TASK INSTRUCTIONS:
The entries below are to be reproduced exactly, with their pictures omitted.

Entries taken from a collection:
Start of Block
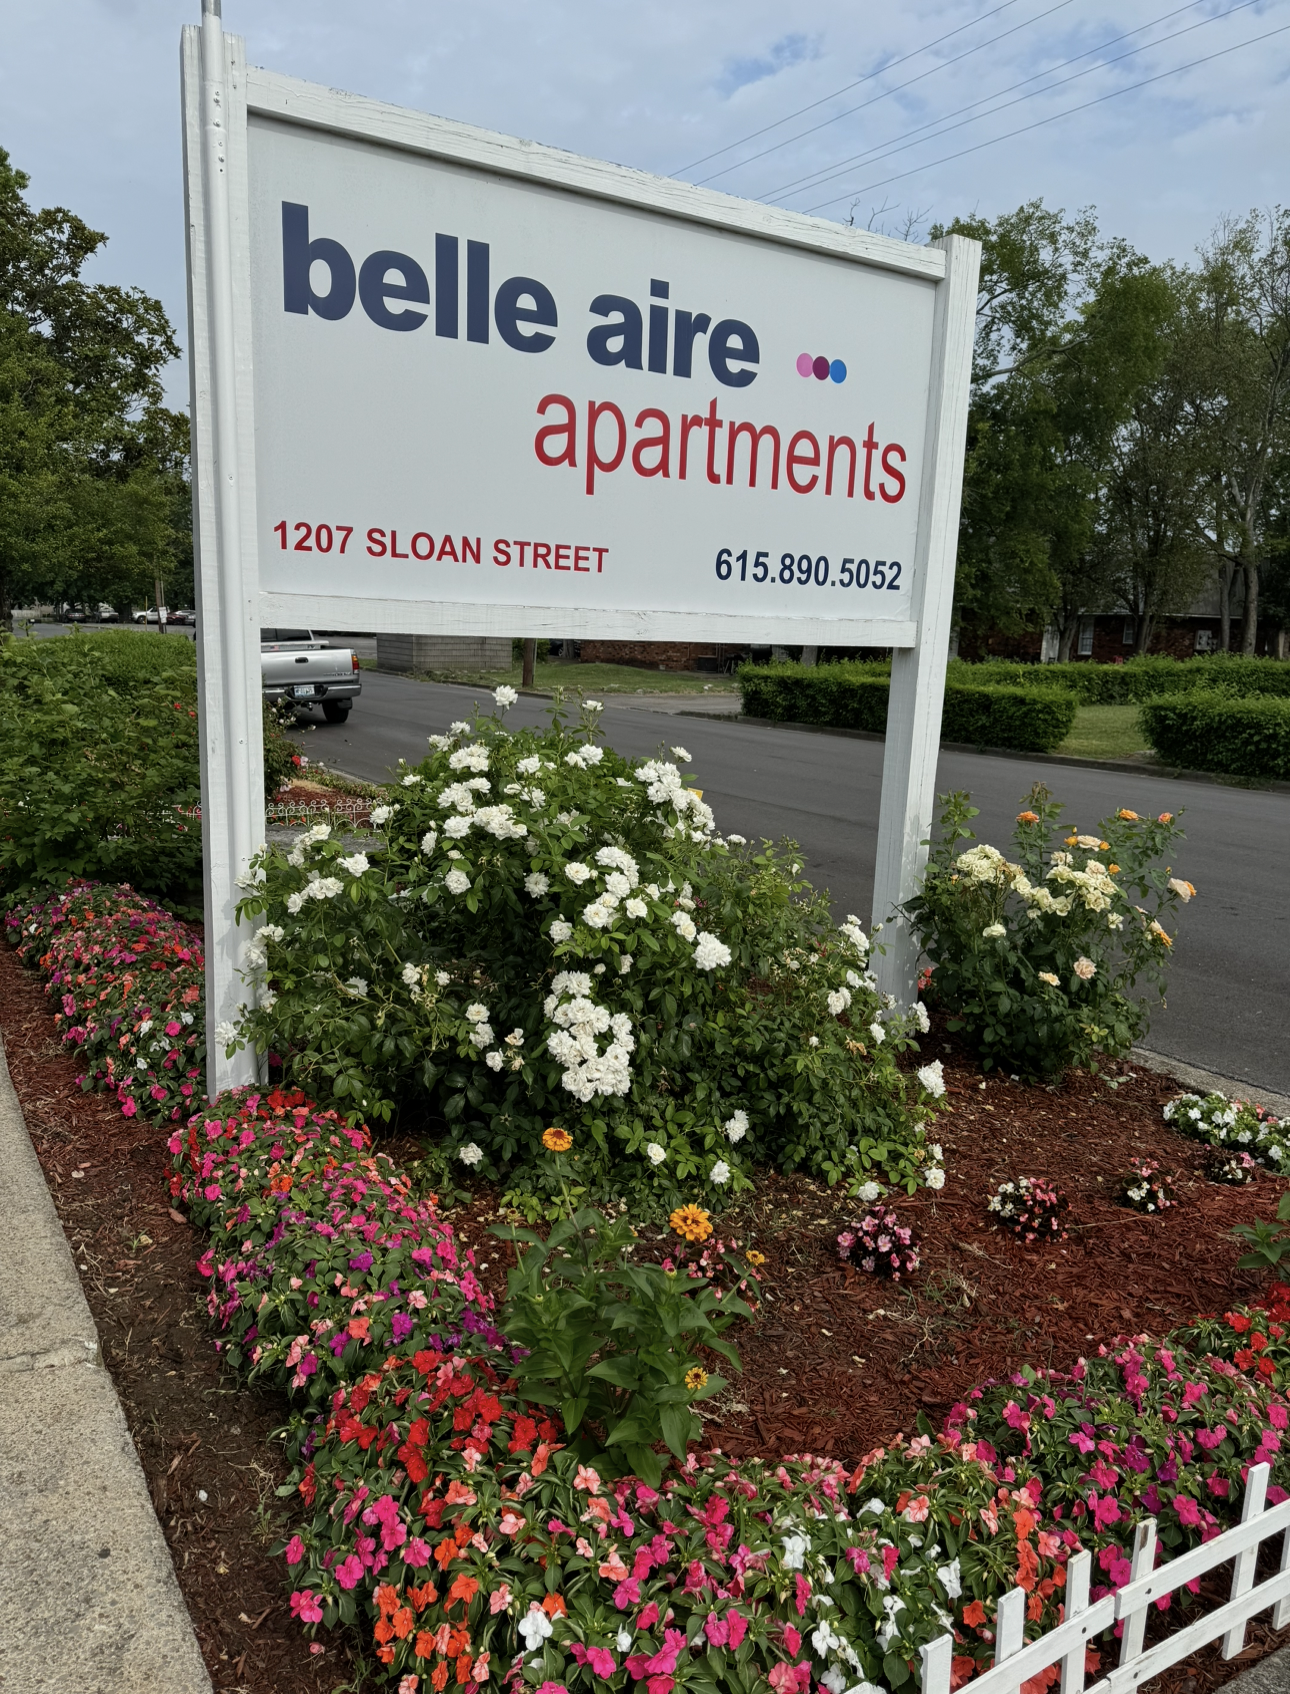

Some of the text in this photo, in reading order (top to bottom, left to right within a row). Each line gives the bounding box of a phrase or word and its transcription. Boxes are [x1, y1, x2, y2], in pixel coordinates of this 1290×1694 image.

[281, 201, 760, 388] belle aire
[534, 394, 907, 504] apartments
[273, 520, 610, 573] 1207 SLOAN STREET
[715, 549, 902, 590] 615.890.5052
End of Block
SOLUTION FOR THIS PROBLEM:
Some of the text in this photo, in reading order (top to bottom, left to right within a row). Each line gives the bounding box of a phrase or word and its transcription. Boxes are [x1, y1, x2, y2], in pixel coordinates of this 1290×1694 image.

[281, 201, 760, 388] belle aire
[534, 394, 907, 504] apartments
[273, 520, 610, 573] 1207 SLOAN STREET
[715, 549, 902, 590] 615.890.5052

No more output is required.